In famiglia, ogni tanto, la storia di come sia stato scelto il mio nome esce fuori, quasi come fosse un gioco. Mio padre lo dice sempre, scherzando: “Ah, io volevo chiamarti Diego Armando, come Maradona”. Per lui, nato vicino a Napoli e per tutta la vita tifoso appassionato degli Azzurri, doveva essere un omaggio a quello che, usando un nostalgico passato, è stato il più grande calciatore di tutti i tempi, almeno ai suoi occhi. E, indirettamente, anche ai miei. Poi, sembra che alla radio sia partito “Buonanotte Fiorellino” di De Gregori e, alla fine, la scelta di come mi dovessi chiamare è virata su altro. Così vuole la “leggenda” e a questo io ho continuato a credere per tutta la vita.
Appartengo alla generazione di chi Maradona non l’ha mai visto giocare in diretta o allo stadio, se non nelle tristi amichevoli di beneficenza tra vecchie glorie, cantanti o piloti di Formula 1. Ho visto con piena coscienza solo il Pibe de Oro affaticato dagli anni e da una vita folle, l’ex campione nella versione da allenatore dell’Argentina o di squadre improbabili da ogni parte del mondo e, in ultimo, delle scenografiche reazioni in tribuna da spettatore, diventate a volte dei “meme”. Per fortuna, ci sono stati i filmati e le videocassette delle partite del Napoli di 30 anni fa a farmi capire da dove arrivasse l’amore del popolo partenopeo per il suo ultimo Diez.
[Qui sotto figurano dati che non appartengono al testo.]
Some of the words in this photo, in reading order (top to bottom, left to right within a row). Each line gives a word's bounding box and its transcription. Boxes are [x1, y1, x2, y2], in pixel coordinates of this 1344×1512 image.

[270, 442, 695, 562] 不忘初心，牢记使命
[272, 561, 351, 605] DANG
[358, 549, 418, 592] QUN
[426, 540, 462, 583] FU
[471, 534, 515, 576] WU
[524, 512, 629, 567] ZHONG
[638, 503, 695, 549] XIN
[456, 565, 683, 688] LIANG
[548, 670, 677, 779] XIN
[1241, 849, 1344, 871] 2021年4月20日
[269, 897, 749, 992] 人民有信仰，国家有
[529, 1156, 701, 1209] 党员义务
E, di conseguenza, di mio padre.
Mi sono reso conto che Maradona facesse giocate che sembravano di un altro pianeta. È vero, si dirà che era un altro calcio, ma quello che faceva quel fenomeno con la dieci dietro la schiena non l’ho mai più rivisto. “Guarda, sembra che abbia una calamita ai piedi!”, mi faceva osservare mio padre quando partiva palla al piede, ci giocava, faceva partire i suoi tiri all’incrocio. Era un qualcosa di irrazionale, geniale. Non puoi non innamorarti di Maradona quando lo vedi giocare, danzare con il pallone in pieno riscaldamento, con gli scarpini slacciati, sulle note di “Live is Life” degli Opus a pochi minuti da una gara fondamentale per il Napoli, contro il Bayern Monaco, nella semifinale di Coppa UEFA. Un’espressione di leggerezza, libertà, tranquillità sportiva mai più viste su un campo da calcio.
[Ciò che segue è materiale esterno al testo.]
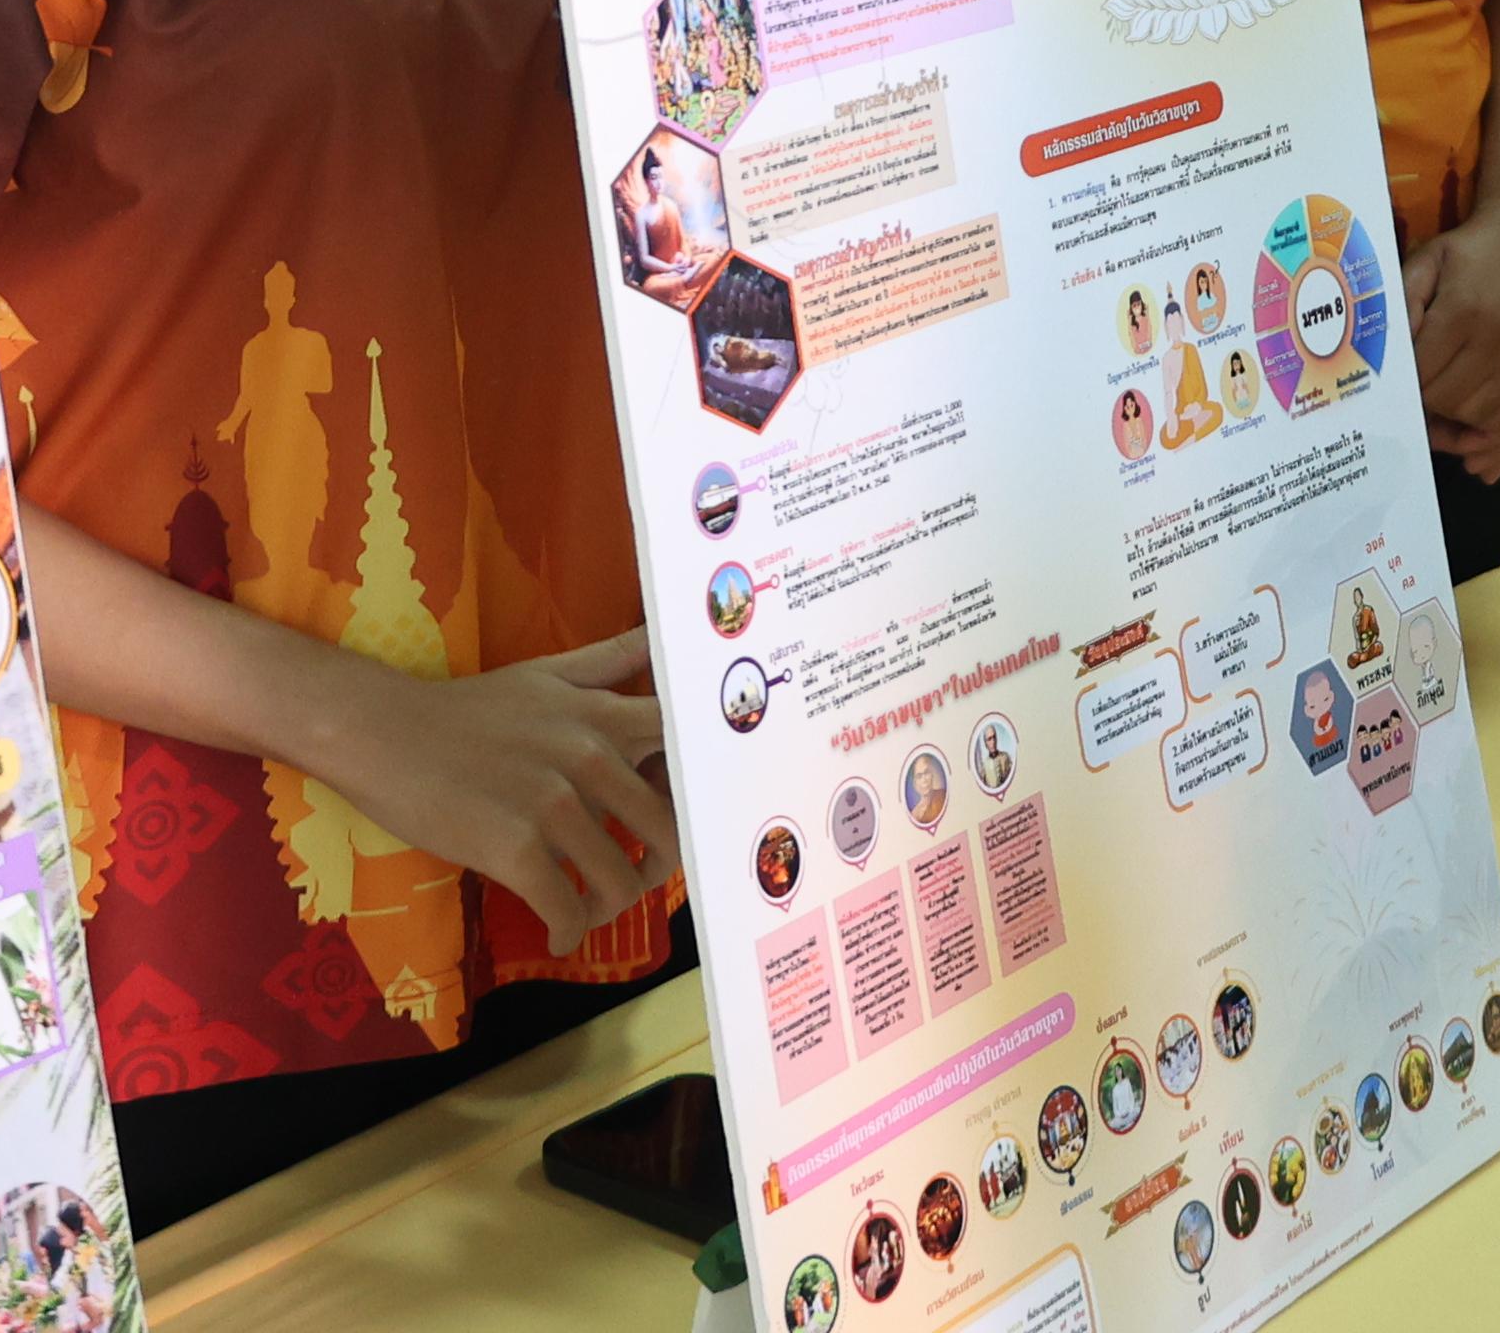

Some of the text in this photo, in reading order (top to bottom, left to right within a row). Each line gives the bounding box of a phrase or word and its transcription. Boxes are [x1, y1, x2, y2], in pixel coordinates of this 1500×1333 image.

[1043, 99, 1201, 161] หลักธรรมสำคัญในวันวิสาขบูชา
[1049, 197, 1057, 208] 1.
[1109, 176, 1121, 190] คือ
[1061, 280, 1070, 291] 2.
[1105, 260, 1117, 275] คือ
[1117, 237, 1190, 274] ความจริงอันประเสริฐ
[1190, 236, 1196, 247] 4
[1196, 225, 1223, 244] ประการ
[1301, 297, 1344, 329] มรรค 8
[1124, 533, 1131, 545] 3.
[1134, 507, 1191, 539] ความไม่ประมาท
[1194, 499, 1205, 513] คือ
[1324, 435, 1350, 460] พูดอะไร
[1352, 429, 1363, 446] คิด
[1126, 546, 1145, 563] อะไร
[1365, 533, 1386, 555] องค์
[1388, 555, 1403, 574] บุค
[1132, 582, 1158, 602] ตามมา
[1402, 575, 1416, 591] คล
[1222, 659, 1246, 678] ศาสนา
[1356, 657, 1393, 691] พระสงฆ์
[1416, 679, 1446, 710] ภิกษุณี
[1308, 740, 1345, 769] สามเณร
[1178, 752, 1246, 794] ครอบครัวและชุมชน
[1219, 1129, 1245, 1156] เทียน
[850, 1169, 885, 1197] ไหว้พระ
[1198, 1286, 1213, 1313] ธูป
Così come irrazionale mi sembrava la storia che lo aveva legato alla città, oltre che alla squadra, di Napoli. Un amore profondo, come se fossero due anime destinate a incontrarsi, che il destino ha voluto combaciassero perfettamente. Una leggenda in campo diventata patrono di una città, per intere generazioni, creando un mito fatto di storie, sfumature, aneddoti. Un amore nato con un abbraccio di 80mila tifosi accorsi allo stadio per vederlo palleggiare e trascinatosi avanti negli anni, con la stessa intensità, anche quando la realtà aveva finito per sporcarne la storia.
Quando si vede un giocatore fare qualcosa di straordinario, il commento ancora oggi è lo stesso: “Ma chi è, Maradona?!”. Ci si scherza su, sapendo che quell’eredità non avrebbe potuto più raccoglierla nessuno. Si era già consapevole che quel mix di talento, amore, vicende dentro e fuori dal campo non si sarebbe più proposto, nonostante il passare di tanti, ottimi giocatori. Messi è stato quello più volte associato a quel nome, anche con paragoni tra un filmato e l’altro. Però, mio padre non l’ho mai visto troppo convinto. E quando il 10 del Barcellona è in giornata no, commenta con un forse irrazionale: “Sì, ma Maradona mica spariva così dalle parite”. E io, che il Pibe de Oro l’ho visto solo in cassetta, mi accontento di credergli.
Oggi so che, con la morte di Maradona, sparisce un pezzo di vita di mio padre. Si sapeva che un giorno sarebbe successo, ma quando accade non sei mai pronto. Quella foto di Whatsapp con il numero 10 resta lì per lui, ferma nella sua eternità. Un posto speciale che lascia Maradona in un immaginario collettivo finito per inserirsi in modo inconscio nel nostro modo di pensare e immaginare il calcio. Persino di chi, come me, non ha avuto l’onore di vederlo giocare in prima persona.